ProPublica reported the disproportionate audit focus on lower-income families in April. Lawmakers confronted IRS Commissioner Charles Rettig about the emphasis, citing our stories, and Sen. Ron Wyden, D-Ore., asked Rettig for a plan to fix the imbalance. Rettig readily agreed.

Last month, Rettig replied with a report, but it said the IRS has no plan and won’t have one until Congress agrees to restore the funding it slashed from the agency over the past nine years — something lawmakers have shown little inclination to do.

On the one hand, the IRS said, auditing poor taxpayers is a lot easier: The agency uses relatively low-level employees to audit returns for low-income taxpayers who claim the earned income tax credit. The audits — of which there were about 380,000 last year, accounting for 39% of the total the IRS conducted — are done by mail and don’t take too much staff time, either. They are “the most efficient use of available IRS examination resources,” Rettig’s report says.

On the other hand, auditing the rich is hard. It takes senior auditors hours upon hours to complete an exam.
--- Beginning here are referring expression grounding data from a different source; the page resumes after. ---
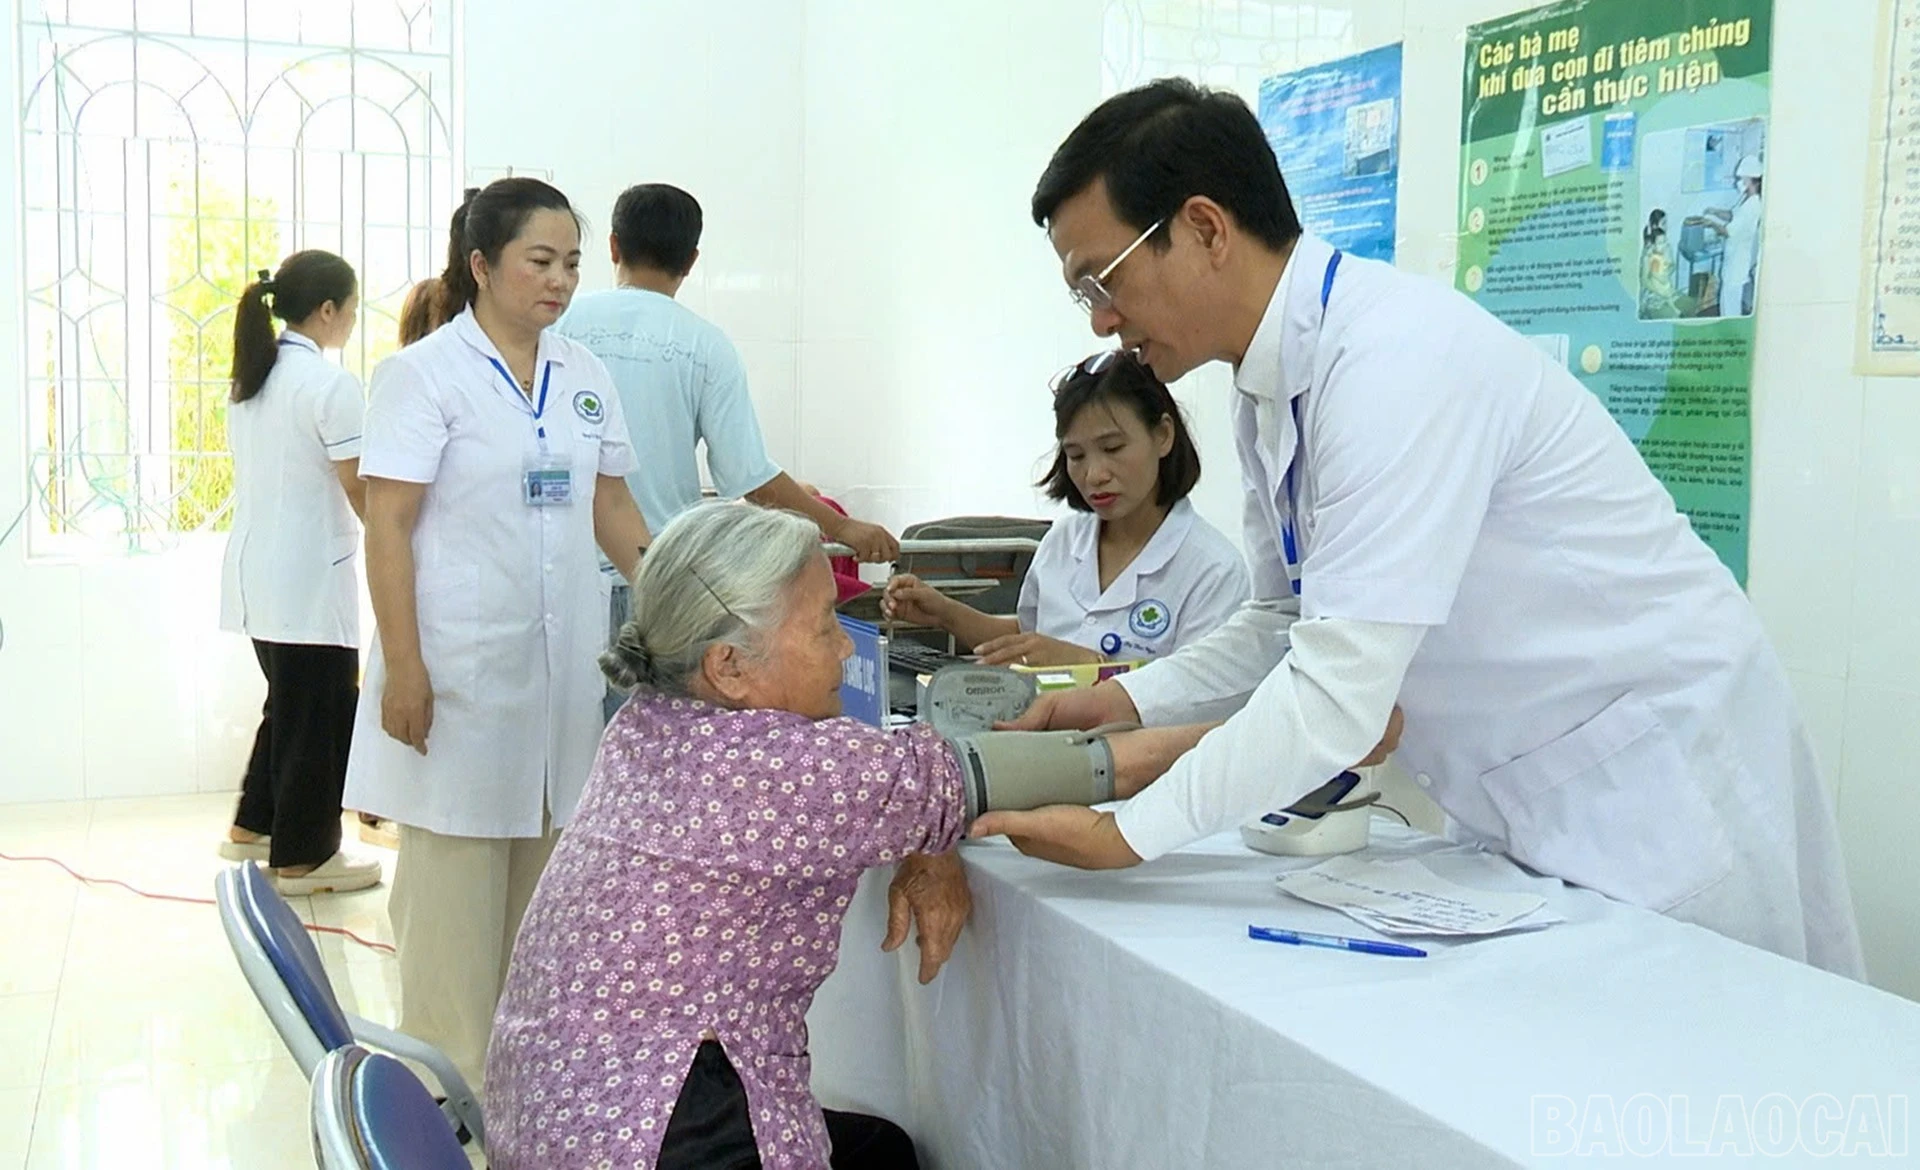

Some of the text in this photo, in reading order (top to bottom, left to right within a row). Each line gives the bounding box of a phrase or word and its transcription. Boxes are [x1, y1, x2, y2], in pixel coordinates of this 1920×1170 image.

[1479, 25, 1580, 69] Các bà mẹ
[1512, 65, 1545, 91] đưa
[1552, 55, 1588, 81] con
[1593, 46, 1614, 74] đi
[1620, 34, 1670, 67] tiêm
[1678, 17, 1751, 53] chủng
[1542, 60, 1720, 116] cần thực hiện
What’s more, the letter says, “the rate of attrition is significantly higher among these more experienced examiners.” As a result, the budget cuts have hit this part of the IRS particularly hard.

For now, the IRS says, while it agrees auditing more wealthy taxpayers would be a good idea, without adequate funding there’s nothing it can do. “Congress must fund and the IRS must hire and train appropriate numbers of [auditors] to have appropriately balanced coverage across all income levels,” the report said.
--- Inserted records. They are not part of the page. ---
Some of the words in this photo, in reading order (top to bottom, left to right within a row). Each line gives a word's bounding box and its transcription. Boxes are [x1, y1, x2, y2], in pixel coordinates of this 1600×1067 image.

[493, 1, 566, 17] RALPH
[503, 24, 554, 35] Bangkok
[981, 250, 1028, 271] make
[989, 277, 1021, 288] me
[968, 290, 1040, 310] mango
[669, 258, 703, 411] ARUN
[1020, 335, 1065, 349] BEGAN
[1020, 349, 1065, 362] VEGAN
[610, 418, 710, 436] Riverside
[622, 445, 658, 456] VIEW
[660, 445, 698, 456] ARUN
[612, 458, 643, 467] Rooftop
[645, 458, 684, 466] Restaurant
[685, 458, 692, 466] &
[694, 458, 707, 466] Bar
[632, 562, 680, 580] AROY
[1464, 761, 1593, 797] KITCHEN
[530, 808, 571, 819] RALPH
Since 2011, Republicans in Congress have driven cuts to the IRS enforcement budget; it’s more than a quarter lower than its 2010 level, adjusting for inflation.

Recently, bipartisan support has emerged in both the House and Senate for increasing enforcement spending, but the proposals on the table are relatively modest and would not restore the budget to pre-cut levels. However, even a proposed small increase might not come to pass, because it’s unclear whether Congress will actually pass any appropriations bills this year.

In response to Rettig’s letter, Wyden agreed in a statement that the IRS needs more money, “but that does not eliminate the need for the agency to begin reversing the alarming trend of plummeting audit rates of the wealthy within its current budget.”

I Voted For Persident Obama -Because ….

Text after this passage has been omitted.